Intel chief Brian Krzanich has announced a delay to his company's upcoming 14nm Broadwell processor family, due to poor yield from test production runs.
A process shrink of Intel's Haswell microarchitecture, Broadwell is to see the 22nm parts dropped down to a tiny 14nm node. Combined with other design tweaks, including the use of a multi-chip package layout and the shifting of the CPU voltage regulators off-die and back to the motherboard, the result claimed by Krzanich during a presentation at the Intel Developer Forum (IDF) earlier this year is a 30 per cent drop in power consumption for the same performance as an equivalent Haswell part.
Sadly, a move to 14nm is non-trivial: at nodes that small, leakage current - where charge carriers tunnel through an insulator due to quantum effects, corrupting data - becomes an increasing problem in traditional silicon-based semiconductors. Techniques for mitigating this exist, but are complex - and coupled with the complexities of working at such a tiny feature size mean poor yields.

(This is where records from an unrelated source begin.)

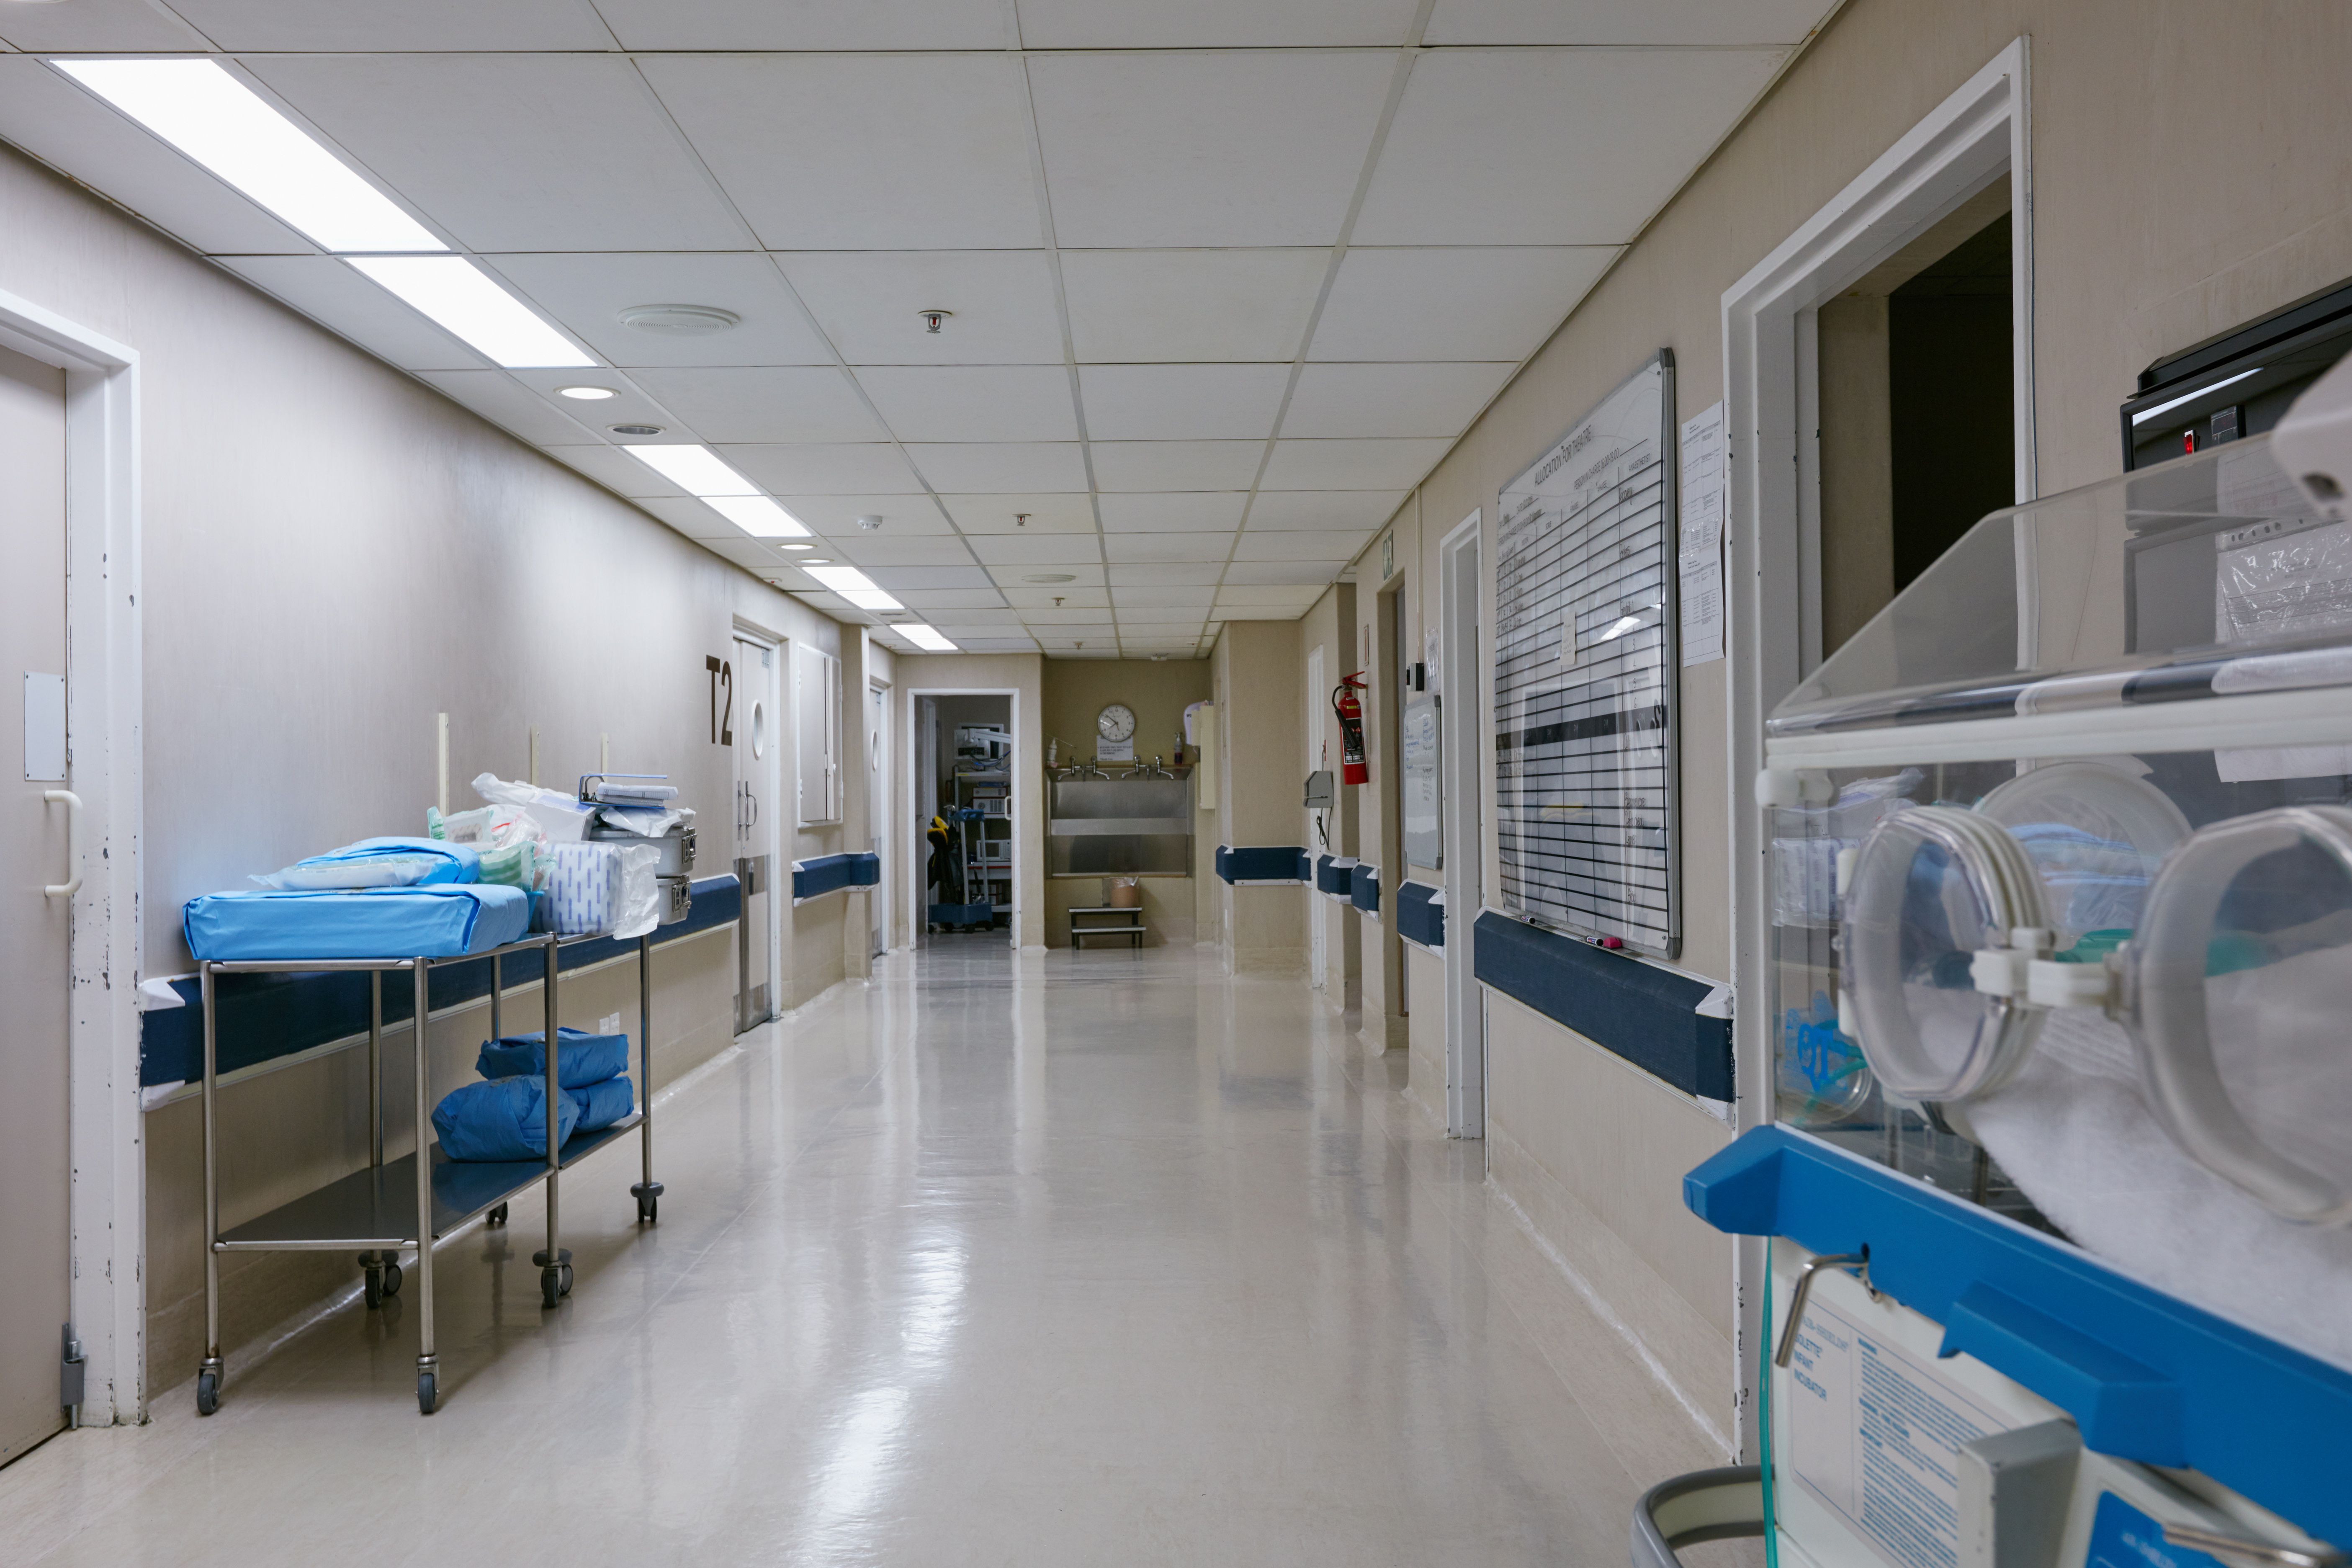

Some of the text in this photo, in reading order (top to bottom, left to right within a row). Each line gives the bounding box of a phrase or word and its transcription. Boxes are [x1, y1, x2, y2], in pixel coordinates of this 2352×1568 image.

[1534, 425, 1591, 487] ALLOCATION FOR THEATRE
[1629, 453, 1651, 472] ANAESTHETIST
[1574, 475, 1585, 491] PERSON
[1588, 461, 1601, 482] CHARGE
[706, 654, 732, 746] T2
[1794, 1349, 1814, 1371] INFANT
[1794, 1368, 1827, 1401] INCUBATOR

'While we are comfortable with where we are at with yields, from a timing standpoint, we are about a quarter behind our projections,' Krzanich claimed in his announcement of the delay. 'As a result, we are now planning to begin production in the first quarter of next year.'
Pushed for more details, Krzanich confessed to yield problems in initial Broadwell production, but claimed these were now fixed - albeit behind schedule. 'It was simply a defect density issue. As we develop these technologies, what you are doing? You are continually improving the defect densities and those resulted in the yield, the number of dies per wafer that you get out of the product. What happened as you insert a set of fixes in groups, you will put four or five, maybe sometimes six or seven fixes into a process and group it together, run it through and you will expect an improvement rate occasionally as you go through that.

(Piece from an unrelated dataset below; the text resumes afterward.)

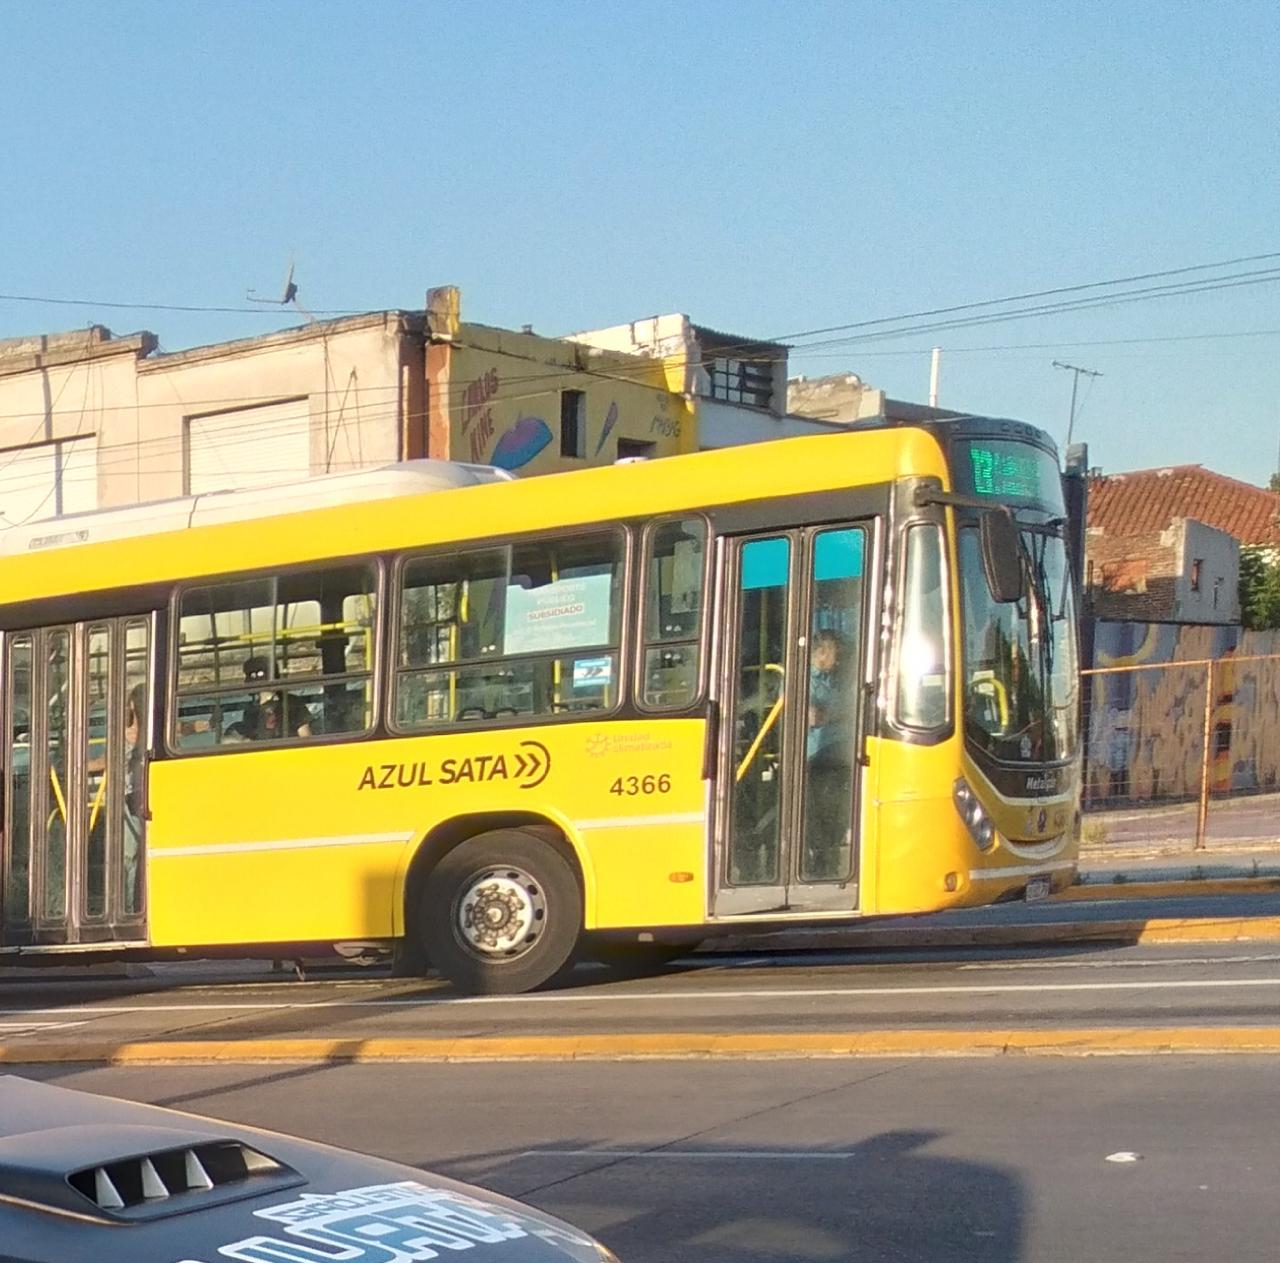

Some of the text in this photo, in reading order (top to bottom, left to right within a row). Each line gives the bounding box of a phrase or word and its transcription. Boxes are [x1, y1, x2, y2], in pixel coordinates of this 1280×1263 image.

[357, 754, 509, 791] AZUL SATA
[609, 773, 671, 796] 4366
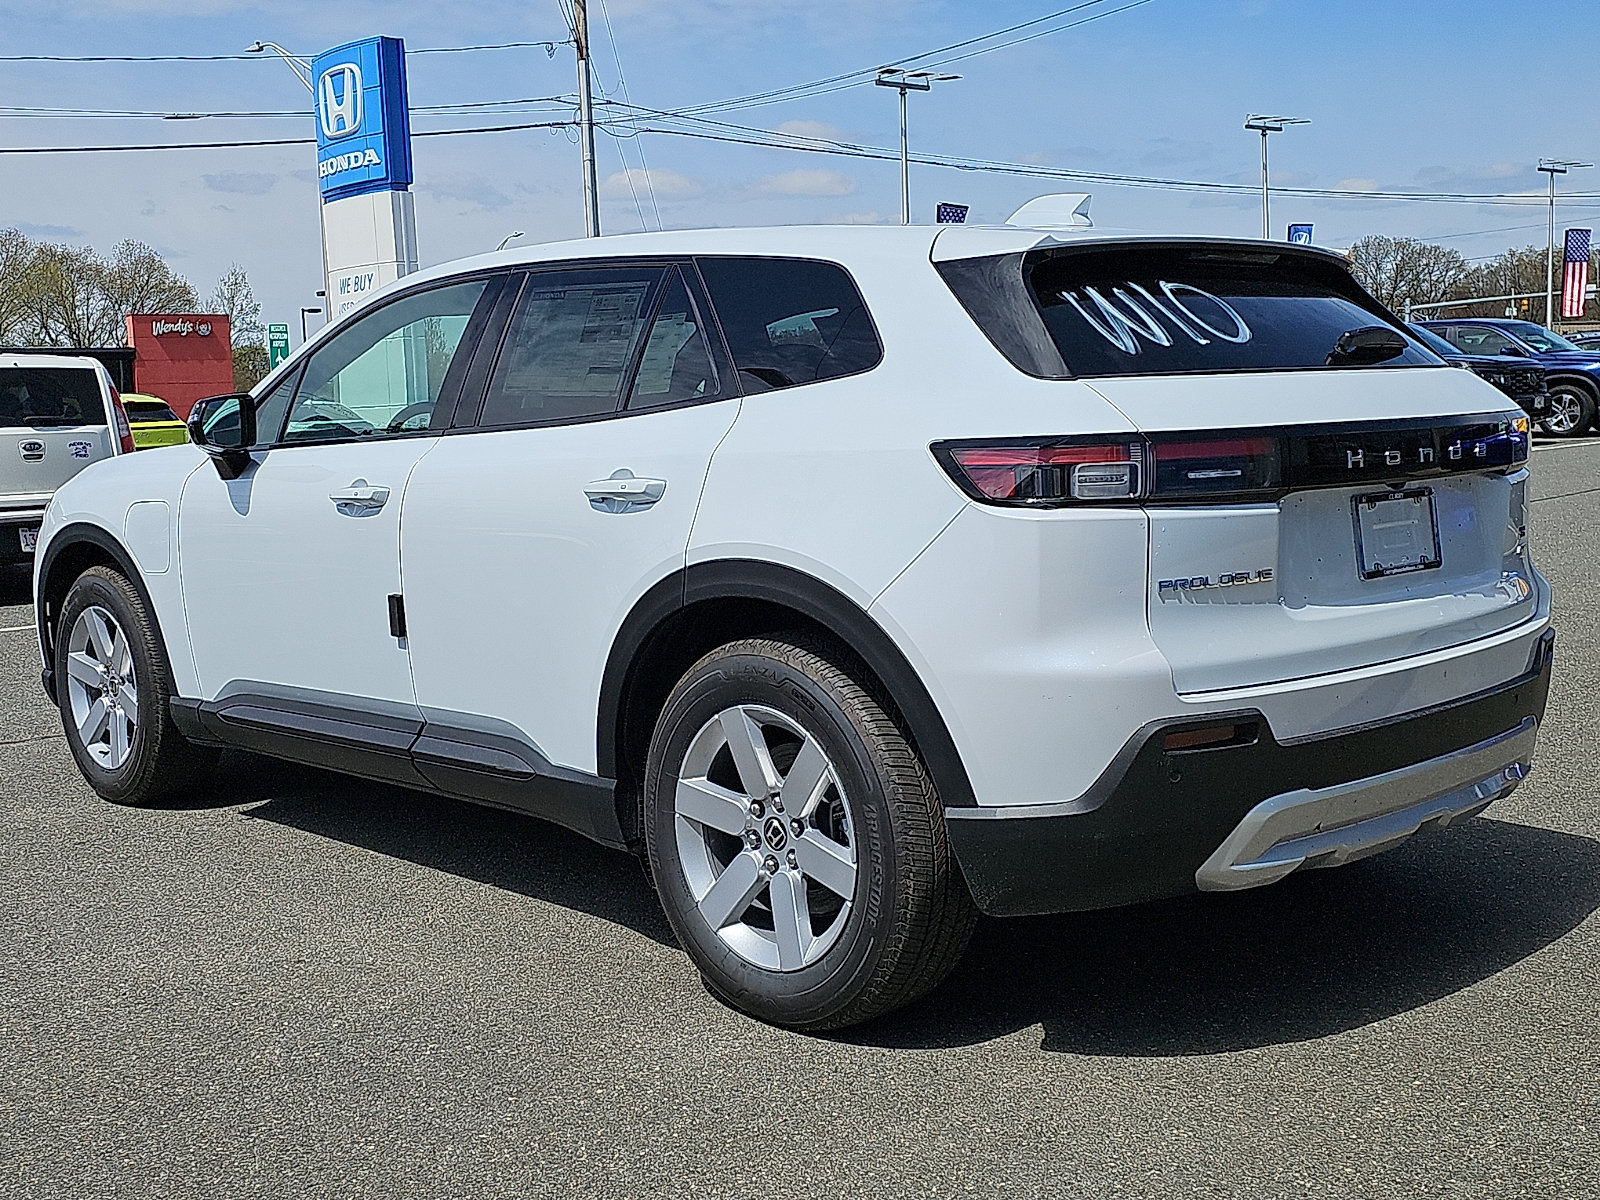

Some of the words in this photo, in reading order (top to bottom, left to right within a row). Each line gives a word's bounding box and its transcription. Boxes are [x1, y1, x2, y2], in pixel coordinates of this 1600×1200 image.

'Why do I have confidence? Because, we have got back now and added additional fixes, gotten back onto that curve, so we have confidence that the problem is fixed, because we have actually data and defects and so that gives us the confidence that we are to keep moving forward now and that happens sometimes in these development phases like this, so that's why we are going to over it a quarter.'
Aside from the Broadwell push-back, Intel's latest quarterly earnings call showed higher than projected revenue at $13.5 billion with $3 billion in earnings, equivalent to 58 cents per share - higher than analysts' average 53 cents per share projection. 'The third quarter came in as expected, with modest growth in a tough environment,' Krzanich claimed. The chief executive also promised that Haswell, the company's current-generation microarchitecture, will lead to tempting price brackets that could see hybrid devices sold for as little as $350 and tablets as low as $99 in the near future.